Grief and the work place. For many bereaved it is an economic necessity to return to work as soon as the funeral is over. Others return to work soon as a means of keeping mentally occupied and find solace in their work. Some postpone returning to their job fearing the additional stress created by work. Work can be helpful in restoring routine in one’s life. Most employers are compassionate and sympathetic. Some have firsthand knowledge of loss and grief and extend encouragement and understanding. Others have a very unrealistic opinion of how long it takes to “get over” a family members death and may not be tolerant of mistakes, preoccupation or quick trips to the bathroom to dry tears. It is advisable to discuss your limits and concerns with your employer, perhaps arrive at a compromise whereby you are allowed to work a few hours a day in the beginning.

Suicidal Thoughts Are Scary. When someone we love dies we are overwhelmed by the pain of loss and by fear of the future without them. We may believe we cannot endure the intensity of the pain. For a time, we may not wish to. After suicide the surviving family members have been shown the worst possible example of how one can end pain and problems and one may view ending their life as a way to stop hurting. It is normal to want to escape the pain of loss and grief and not abnormal to think of ending one’s life to escape it. But there is considerable difference between having suicidal thoughts and acting upon them. If you are obsessed with thoughts of killing yourself, begin to seriously consider means of ending your life or you believe you don’t deserve to live due to some circumstance surrounding the loved one’s death, see a mental health professional without delay. Don’t compound the loss and magnify the grief of others by this manner of resolving your own.

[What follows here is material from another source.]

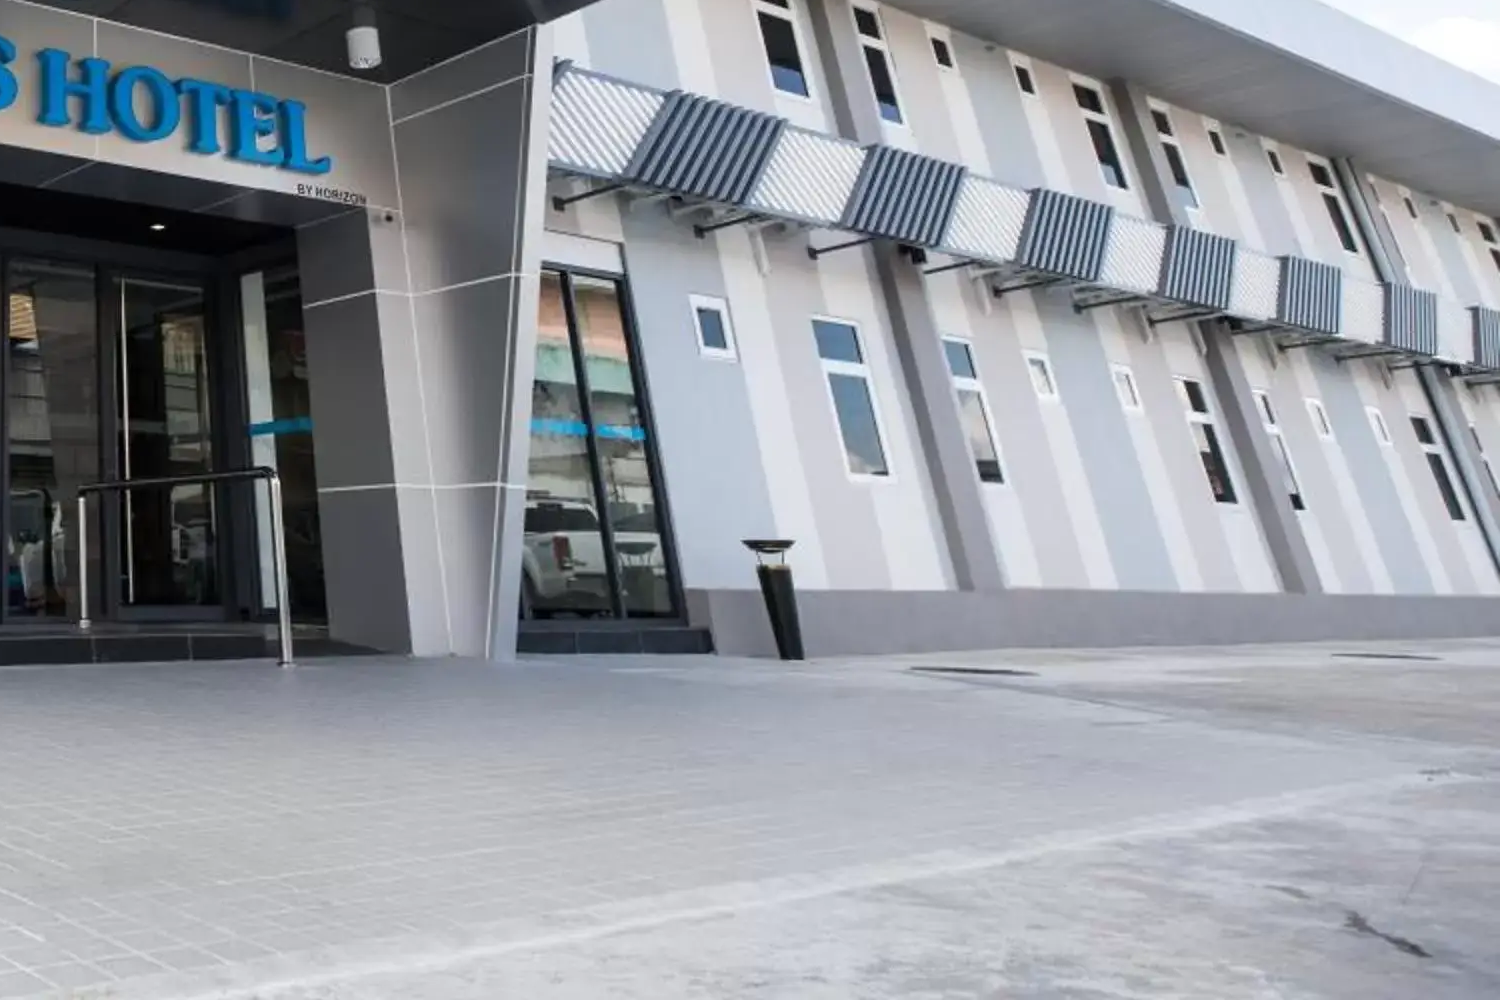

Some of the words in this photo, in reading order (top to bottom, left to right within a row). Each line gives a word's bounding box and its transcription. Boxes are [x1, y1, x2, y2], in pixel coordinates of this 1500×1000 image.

[35, 47, 332, 175] HOTEL
[297, 183, 313, 196] BY
[315, 186, 367, 205] HORIZON

What’s normal. What’s not. Grief, as we are taught to understand it, is intensely distorted when suicide is the cause of death. You may question whether your feelings are normal. Most likely they are and you are experiencing normal emotional reactions to an abnormal occurrence…suicide. Grief after suicide is often very effectively addressed within the safe, understanding environment of a suicide survivor support group. Never hesitate to seek professional counseling.